- PROBLEM DETAILS: Every entry below should appear in the answer exactly as written, apart from the pictures.

[Annotated photo localization data]

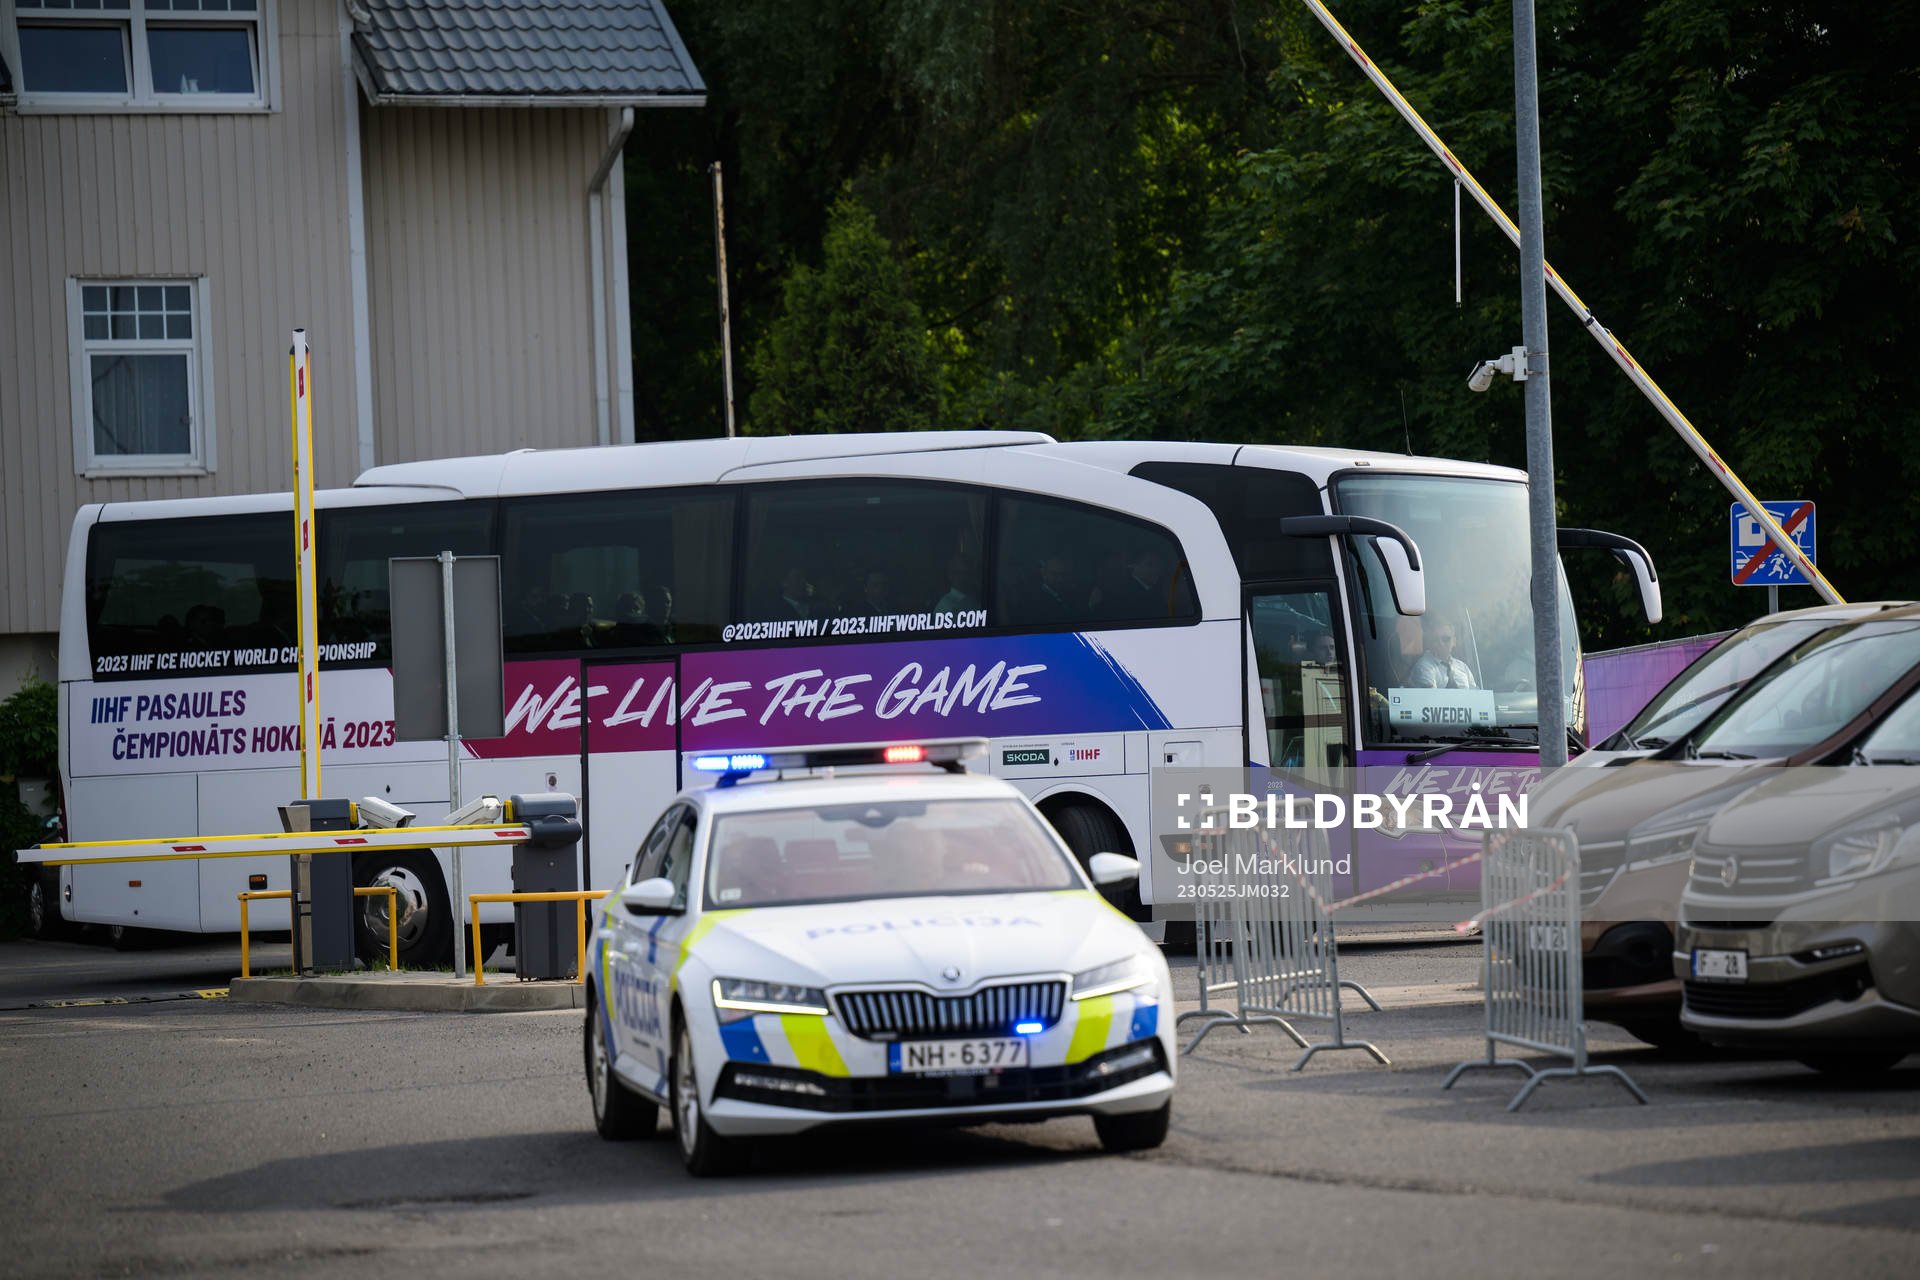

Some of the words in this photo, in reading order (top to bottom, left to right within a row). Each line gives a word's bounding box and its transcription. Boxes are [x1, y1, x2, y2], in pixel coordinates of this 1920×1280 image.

[722, 618, 818, 642] @2023IIHFWM
[820, 618, 829, 636] /
[832, 609, 988, 636] 2023.IIHFWORLDS.COM
[96, 655, 128, 673] 2023
[130, 653, 154, 671] IIHF
[156, 652, 177, 670] ICE
[180, 649, 230, 669] HOCKEY
[233, 647, 278, 666] WORLD
[280, 641, 377, 664] CHPIONSHIP
[91, 696, 132, 724] IIHF
[135, 690, 247, 721] PASAULES
[504, 675, 609, 737] WE
[603, 675, 752, 728] LIVE
[759, 668, 873, 726] THE
[875, 660, 1048, 720] GAME
[1421, 707, 1472, 724] SWEDEN
[112, 724, 247, 761] ČEMPIONĀTS
[251, 717, 336, 752] HOKĀ
[343, 720, 395, 748] 2023
[1076, 748, 1101, 760] IIHF
[1383, 763, 1450, 795] WE
[1447, 766, 1512, 795] LIVE
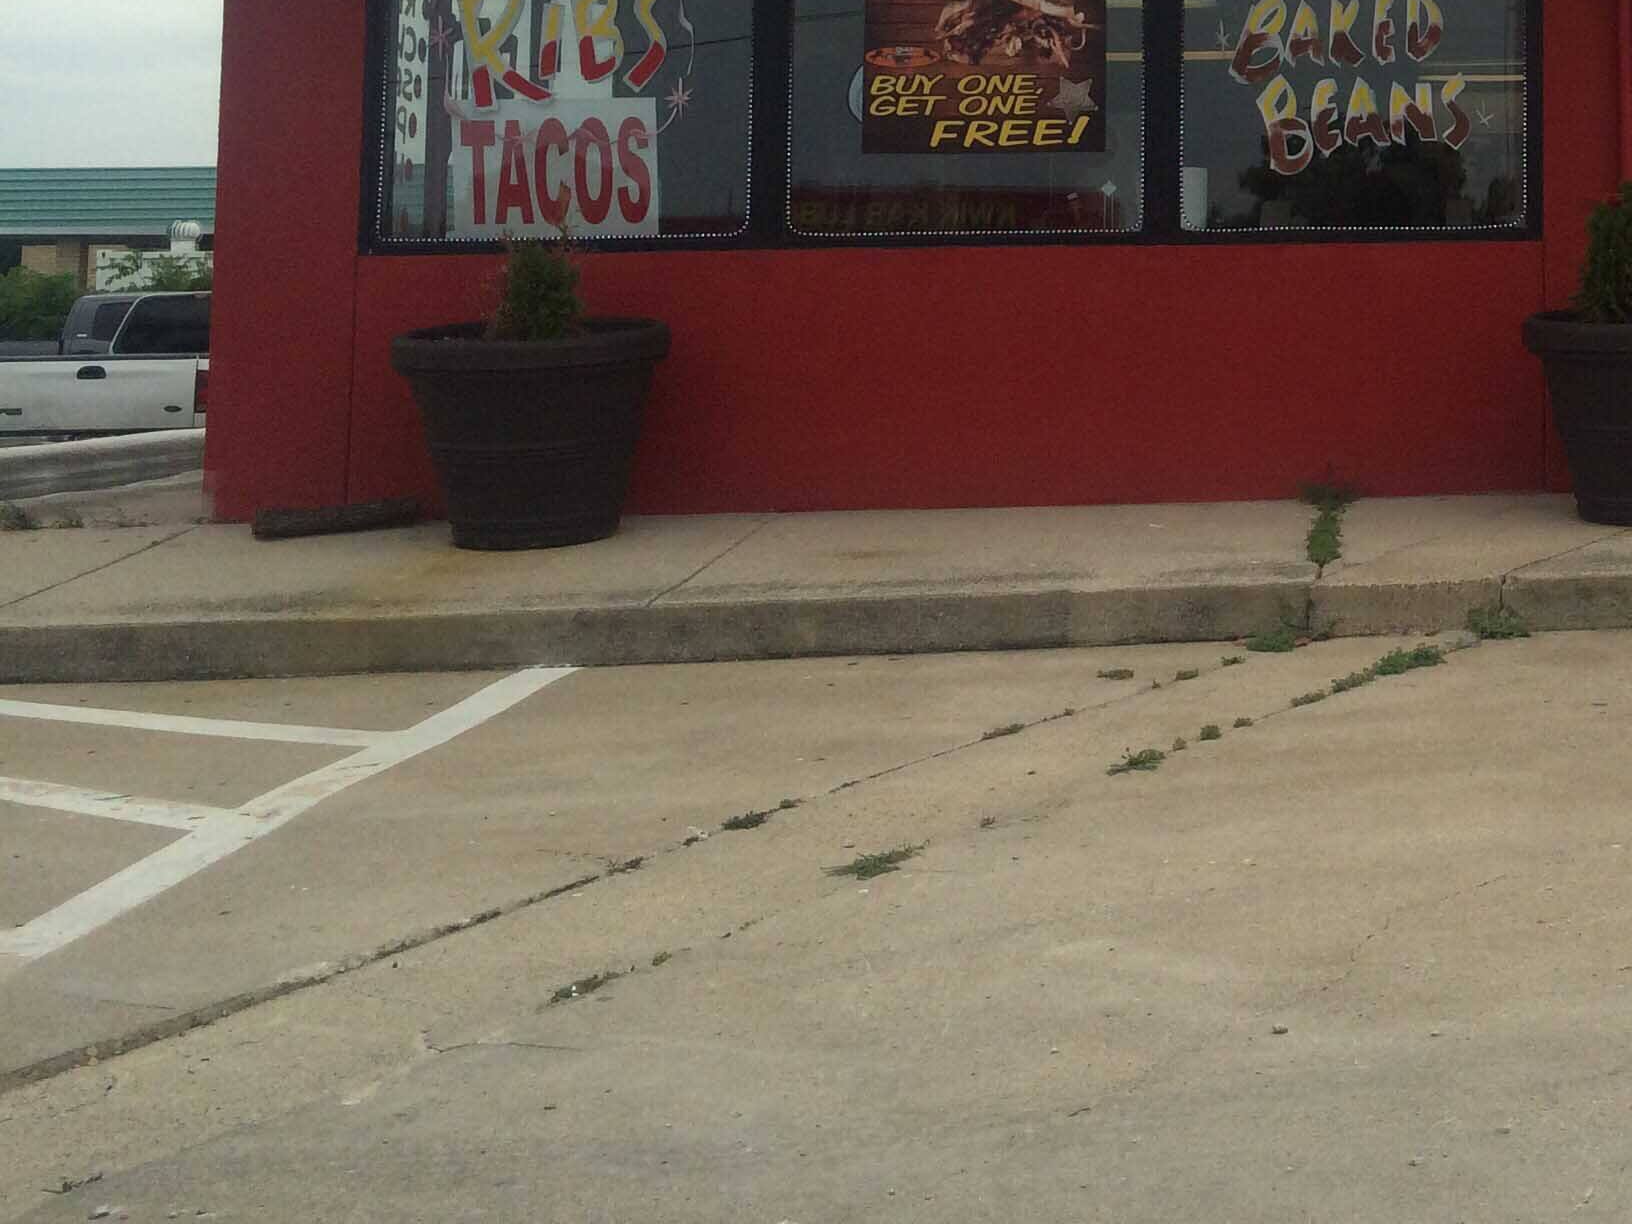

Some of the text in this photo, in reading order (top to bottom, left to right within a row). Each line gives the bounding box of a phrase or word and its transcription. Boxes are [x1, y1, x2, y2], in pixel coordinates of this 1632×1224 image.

- SOLUTION:
Some of the words in this photo, in reading order (top to bottom, left to right within a row). Each line gives a word's bounding box and its transcription. Boxes are [x1, y1, x2, y2], in pixel coordinates of this 1920×1280 image.

[722, 618, 818, 642] @2023IIHFWM
[820, 618, 829, 636] /
[832, 609, 988, 636] 2023.IIHFWORLDS.COM
[96, 655, 128, 673] 2023
[130, 653, 154, 671] IIHF
[156, 652, 177, 670] ICE
[180, 649, 230, 669] HOCKEY
[233, 647, 278, 666] WORLD
[280, 641, 377, 664] CHPIONSHIP
[91, 696, 132, 724] IIHF
[135, 690, 247, 721] PASAULES
[504, 675, 609, 737] WE
[603, 675, 752, 728] LIVE
[759, 668, 873, 726] THE
[875, 660, 1048, 720] GAME
[1421, 707, 1472, 724] SWEDEN
[112, 724, 247, 761] ČEMPIONĀTS
[251, 717, 336, 752] HOKĀ
[343, 720, 395, 748] 2023
[1076, 748, 1101, 760] IIHF
[1383, 763, 1450, 795] WE
[1447, 766, 1512, 795] LIVE

Some of the text in this photo, in reading order (top to bottom, left to right within a row). Each line gives the bounding box of a phrase or word and its transcription. Boxes are [x1, y1, x2, y2], in pixel coordinates of this 1632×1224 image.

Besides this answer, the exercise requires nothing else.